Abstract

In their paper about the therapeutic potential of adult bone-marrow stem cells (October 2004 JRSM1) Professor Hassan and Dr El-Sheemy refer to ethical controversies over use of embryonic stem cells. Apart from the ethical objections, cell replacement therapy from embryos and fetal tissue is complicated by difficulties with standardizing the procedure, ensuring viability of tissue and obtaining tissue at optimal time points. By induction of fate-specific cells from an in-vitro-expanded population of isolated progenitor/stem cells, bone marrow stem cells may be more readily exploited. Differentiation of expanded cells can be induced by mitogen withdrawal or by exposure to cytokines, hormones or vitamins that cause lineage restriction. Cytokines involved in the clonal expansion and lineage restriction of stem/progenitor cells in the haematopoietic system may play an important analogous role in the developing nervous system. For example, interleukin-1 can induce expression of the dopaminergic marker tyrosine hydroxylase.

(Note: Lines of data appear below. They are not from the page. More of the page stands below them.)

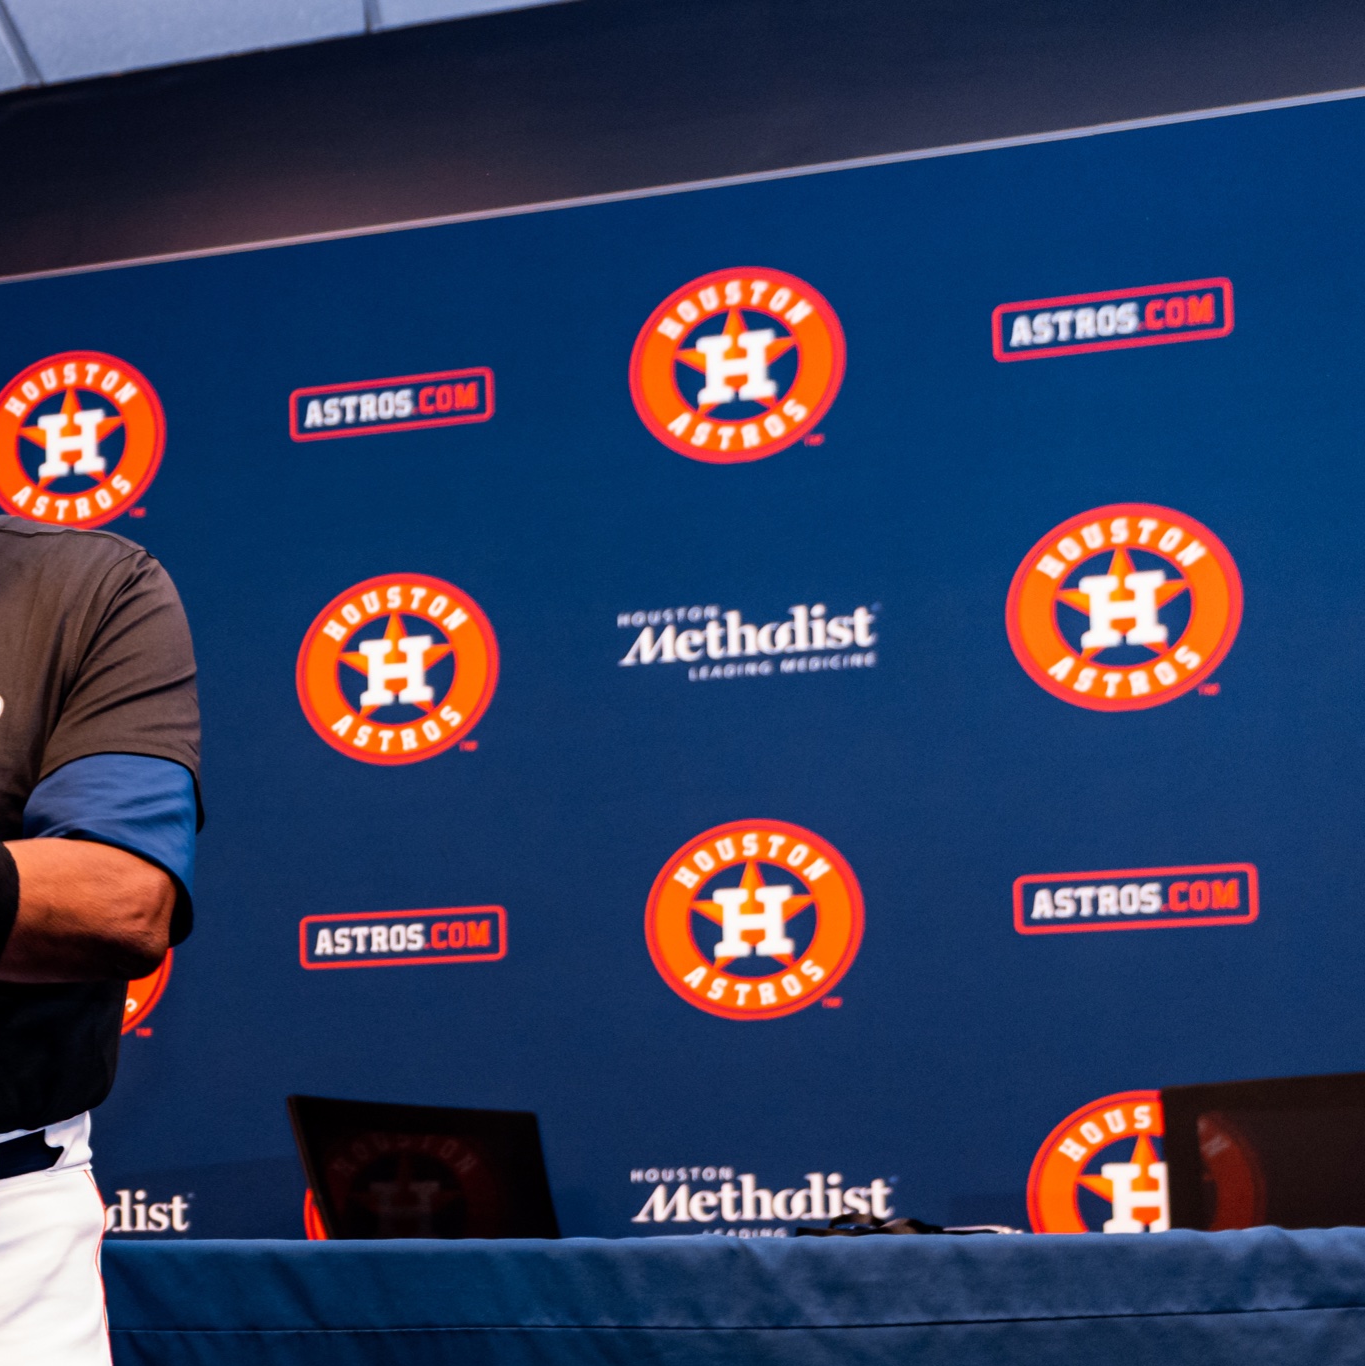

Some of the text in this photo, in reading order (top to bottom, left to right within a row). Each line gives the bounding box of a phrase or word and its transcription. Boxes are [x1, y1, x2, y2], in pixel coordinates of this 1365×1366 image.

[657, 280, 814, 341] HOUSTON
[1010, 293, 1215, 348] ASTROS.COM
[4, 363, 138, 417] HOUSTON
[304, 382, 478, 429] ASTROS.COM
[667, 398, 808, 451] ASTROS
[12, 474, 131, 522] ASTROS
[1035, 517, 1208, 580] HOUSTON
[322, 586, 469, 642] HOUSTON
[617, 605, 720, 628] HOUSTON
[618, 603, 878, 667] Methodist
[688, 651, 877, 682] LEADING MEDICINE
[1047, 645, 1201, 698] ASTROS
[331, 704, 462, 753] ASTROS
[673, 833, 831, 889] HOUSTON
[1031, 878, 1240, 920] ASTROS.COM
[314, 919, 491, 956] ASTROS.COM
[683, 959, 825, 1006] ASTROS
[1057, 1105, 1152, 1162] HOUS
[630, 1166, 734, 1183] HOUSTON
[631, 1172, 894, 1223] Methodist

Furthermore, in a study by Carpenter et al.2 leukaemia inhibitory factor, a member of the interleukin-6 cytokine family, when combined with other mitogens was shown to enhance proliferation of human forebrain neural stem cells. Importantly, we need to consider the possibility that bone marrow stem cells are able to redifferentiate. Already there is evidence that neural stem cells can become bone-marrow-like: they were shown capable of reconstituting the haematopoietic systems of mice that had undergone marrow ablation.3 These studies suggest that the lineage path taken by multipotent cells is influenced by the environments to which they are exposed.